Mitch turned to Singh. "Is that enough or do you think we need more
before we kick this up to the next level?"
"There's still a lot left for us to nail down, but I think we have
enough right now to take to Clayton and bring her into what we have
discovered. We may not have all of the pieces, but we have the border of
this puzzle together now and to fill it in we're going to need a lot
more resources committed to doing that. Gregor has linked the Jane Doe's
to Fetterman and Selicia may link this Shadowy man to Fetterman as
well."
"Fetterman's organization is involved with practices that suggest deep
involvement. Whatever there is in between this we're in a better
position than what we had before we made this connection. And there are
the ones that I've identified as alive that are on the street right now
to consider. We need to get those girls under surveillance and keep
officers right under their skin in case whatever it is doing this moves
against them and they end up as another Jane Doe. And to do that we need
Clayton on board. Hell we'll need a whole damned task force to tackle
this," Mitch said.
"And what will we do then Detective Travers?" Singh asked. "If the
Shadowy man that Selicia linked to these disappearances is captured what
then? Can he be imprisoned? And if so will he remain so? The problem is
that we need more information to aid us in resolving this matter and we
cannot approach this from a pure police perspective. Limiting our
efforts in that manner may be too much of a barrier to putting an end to
whatever this is."
"That almost sounds like you want to step away from this for now, or are
you thinking that this might need to have a more final resolution than
arresting whoever is responsible?" Jim asked.

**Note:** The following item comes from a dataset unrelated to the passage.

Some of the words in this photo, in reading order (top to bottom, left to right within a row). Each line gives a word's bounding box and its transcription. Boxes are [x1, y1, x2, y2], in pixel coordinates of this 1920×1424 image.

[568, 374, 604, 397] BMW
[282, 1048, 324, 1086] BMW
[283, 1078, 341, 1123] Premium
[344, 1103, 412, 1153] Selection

"At this point detective Brighton I have no answer for you. And as for a
more final resolution that will depend on what Arath' Mahar Selicia
decides. If we find him I have a promise to keep and considering the
potential nature of what we have discovered it may be the only
resolution that we could find," Singh said to them. "But detective
Travers is correct that whatever effort is committed to this matter
needs to be wide ranging and it will involve much more than the three of
us alone can manage. The good lieutenant will have to be fully informed
and brought on board at this junction, and probably the FRT as well,
especially since there is an aethereal component to this situation that
will require a more effective response to counter it. And the most
important factor of all is that the Arath' Mahar will have to be
involved at the end of all of this."
"So we start by bring Clayton into it then," Jim said.
"Yes, she needs to be part of this now I think," Singh said. "And I will
speak with the FRT as well concerning this. Fitzhugh will want to know
what is on the horizon as well. For now, I will wait before informing
Arath' Mahar Selicia of what we have uncovered."

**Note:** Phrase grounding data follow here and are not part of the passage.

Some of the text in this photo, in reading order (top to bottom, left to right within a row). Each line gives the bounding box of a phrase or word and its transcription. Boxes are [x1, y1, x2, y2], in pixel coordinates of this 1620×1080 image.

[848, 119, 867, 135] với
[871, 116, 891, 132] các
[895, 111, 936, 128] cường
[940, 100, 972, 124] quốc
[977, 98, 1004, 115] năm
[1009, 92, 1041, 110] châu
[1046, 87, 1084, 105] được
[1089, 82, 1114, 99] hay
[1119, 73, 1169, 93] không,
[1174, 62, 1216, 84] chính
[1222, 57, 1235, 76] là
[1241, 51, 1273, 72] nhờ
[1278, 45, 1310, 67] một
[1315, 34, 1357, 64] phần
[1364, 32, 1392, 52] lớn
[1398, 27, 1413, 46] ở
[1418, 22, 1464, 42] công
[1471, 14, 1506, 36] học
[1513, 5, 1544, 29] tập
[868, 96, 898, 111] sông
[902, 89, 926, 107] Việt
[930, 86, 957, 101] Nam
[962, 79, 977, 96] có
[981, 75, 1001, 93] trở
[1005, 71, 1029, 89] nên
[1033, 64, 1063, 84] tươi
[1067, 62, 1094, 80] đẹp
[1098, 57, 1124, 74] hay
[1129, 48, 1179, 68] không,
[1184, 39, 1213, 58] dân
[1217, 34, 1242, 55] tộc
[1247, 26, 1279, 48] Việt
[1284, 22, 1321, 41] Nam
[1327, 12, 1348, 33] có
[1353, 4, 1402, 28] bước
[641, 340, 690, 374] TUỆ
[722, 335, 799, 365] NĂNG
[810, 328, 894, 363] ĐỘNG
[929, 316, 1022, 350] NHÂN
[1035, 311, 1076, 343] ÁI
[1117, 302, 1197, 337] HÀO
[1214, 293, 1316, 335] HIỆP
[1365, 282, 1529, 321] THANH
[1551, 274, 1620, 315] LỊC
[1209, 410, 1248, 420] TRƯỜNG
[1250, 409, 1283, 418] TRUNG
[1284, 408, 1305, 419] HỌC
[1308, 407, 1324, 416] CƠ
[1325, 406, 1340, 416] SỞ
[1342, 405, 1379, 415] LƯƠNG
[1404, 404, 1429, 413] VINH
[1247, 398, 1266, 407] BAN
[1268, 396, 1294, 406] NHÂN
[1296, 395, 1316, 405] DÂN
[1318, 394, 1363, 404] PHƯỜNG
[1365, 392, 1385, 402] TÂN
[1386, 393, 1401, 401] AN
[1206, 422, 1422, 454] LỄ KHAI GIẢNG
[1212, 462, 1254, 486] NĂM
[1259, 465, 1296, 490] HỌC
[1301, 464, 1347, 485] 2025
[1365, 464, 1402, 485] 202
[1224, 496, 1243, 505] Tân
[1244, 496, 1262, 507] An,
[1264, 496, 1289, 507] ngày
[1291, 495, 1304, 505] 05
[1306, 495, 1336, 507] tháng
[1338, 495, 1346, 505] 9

Mitch and Jim stood up. "I think we should tell Clayton now."Mitch said,
"Now that we have a direction we need to start turning hounds loose."
"Wait a moment if you would gentlemen," he said as they started to
leave. "I will need to dispel my ward before either of you attempt to
open the door and there is something else that we should do before you
leave to bring the good lieutenant into this."

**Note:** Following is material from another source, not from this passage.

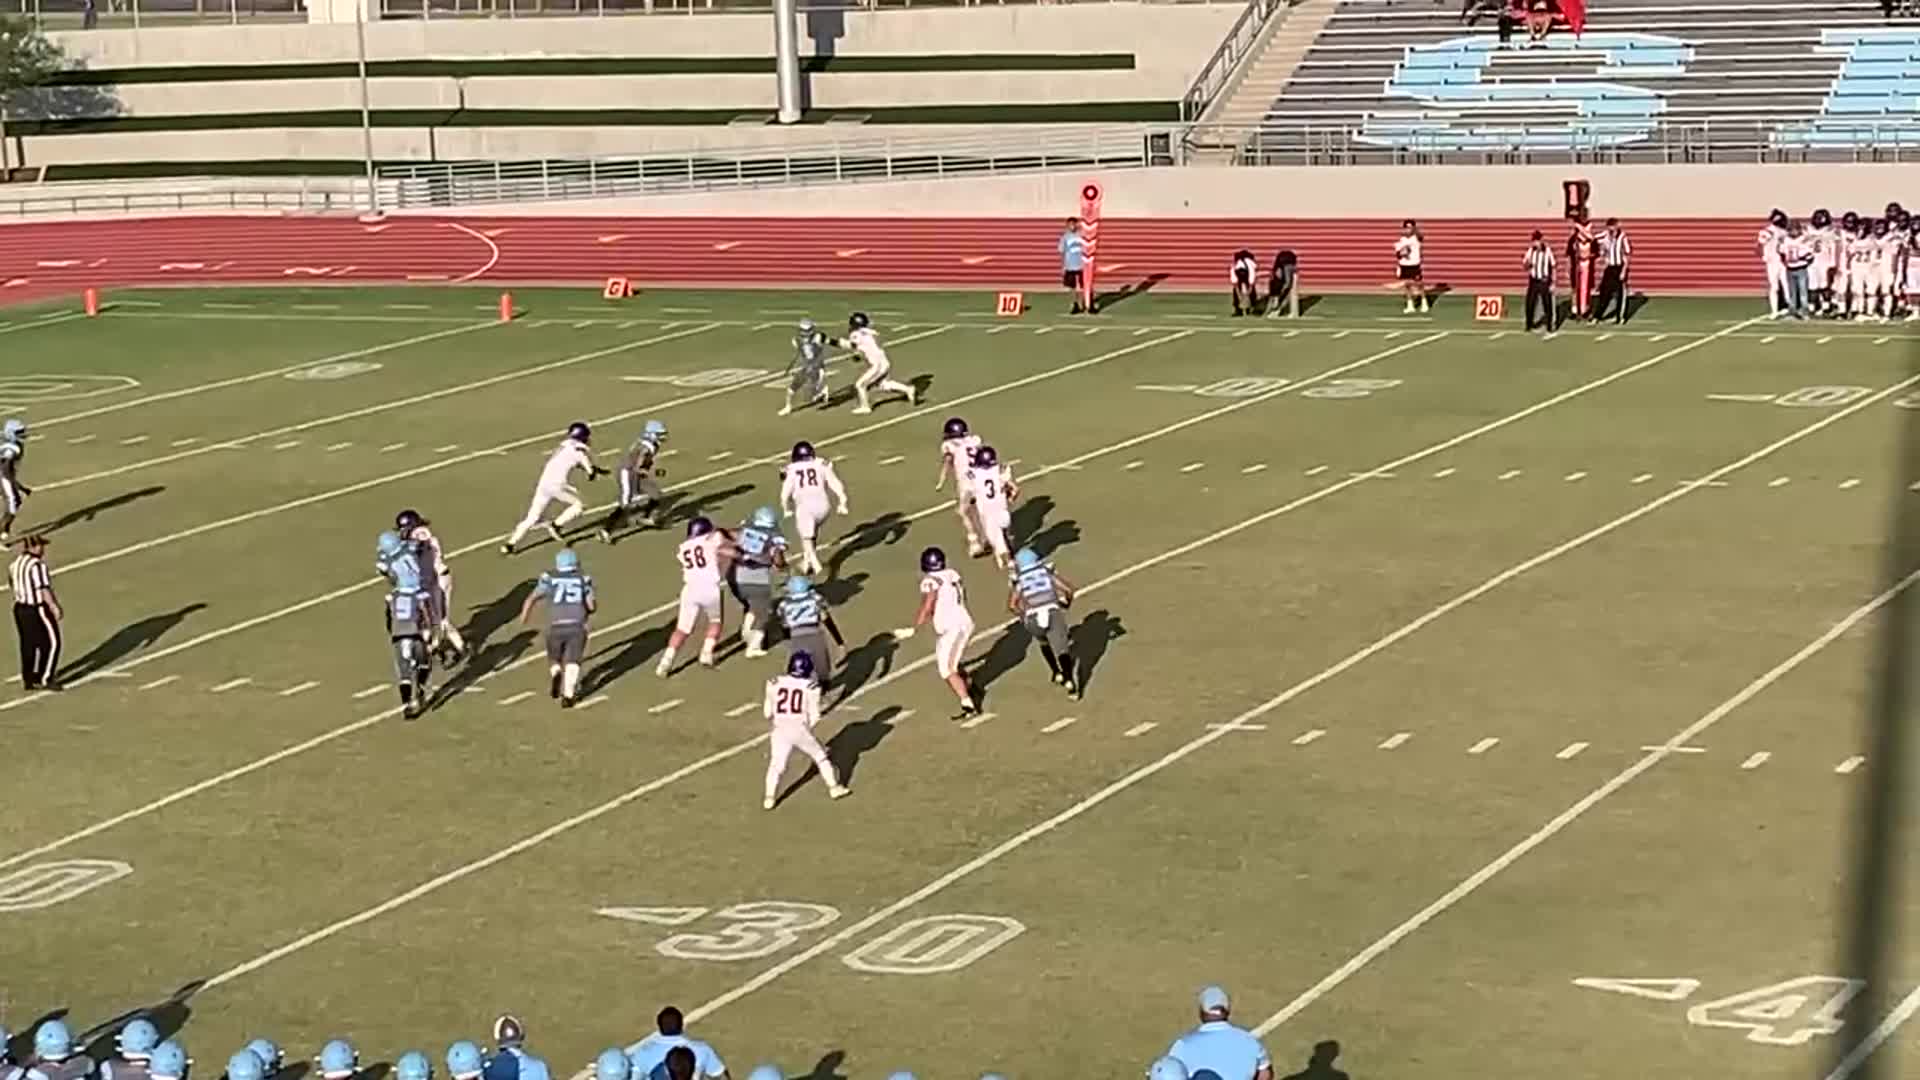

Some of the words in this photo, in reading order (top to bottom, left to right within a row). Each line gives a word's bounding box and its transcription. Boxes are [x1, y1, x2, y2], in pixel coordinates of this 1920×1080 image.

Jim and Mitch waited while Singh reached into his desk drawer and moved
what was in there around until he found what he was looking for. It was
a small wooden box and when he opened it there were two teardrop
crystals inside that were glowing with an electric blue light. Singh
handed one to each of them.
"It's beautiful," Mitch said. "What is it?"
"Something that may help us," Singh said. "Now both of you need to look
into the crystal and focus only on what you see there. When you feel it
happen hand them back to me and forget about doing this," Singh's voice
had taken of a seductive tone and both men obeyed without murmur.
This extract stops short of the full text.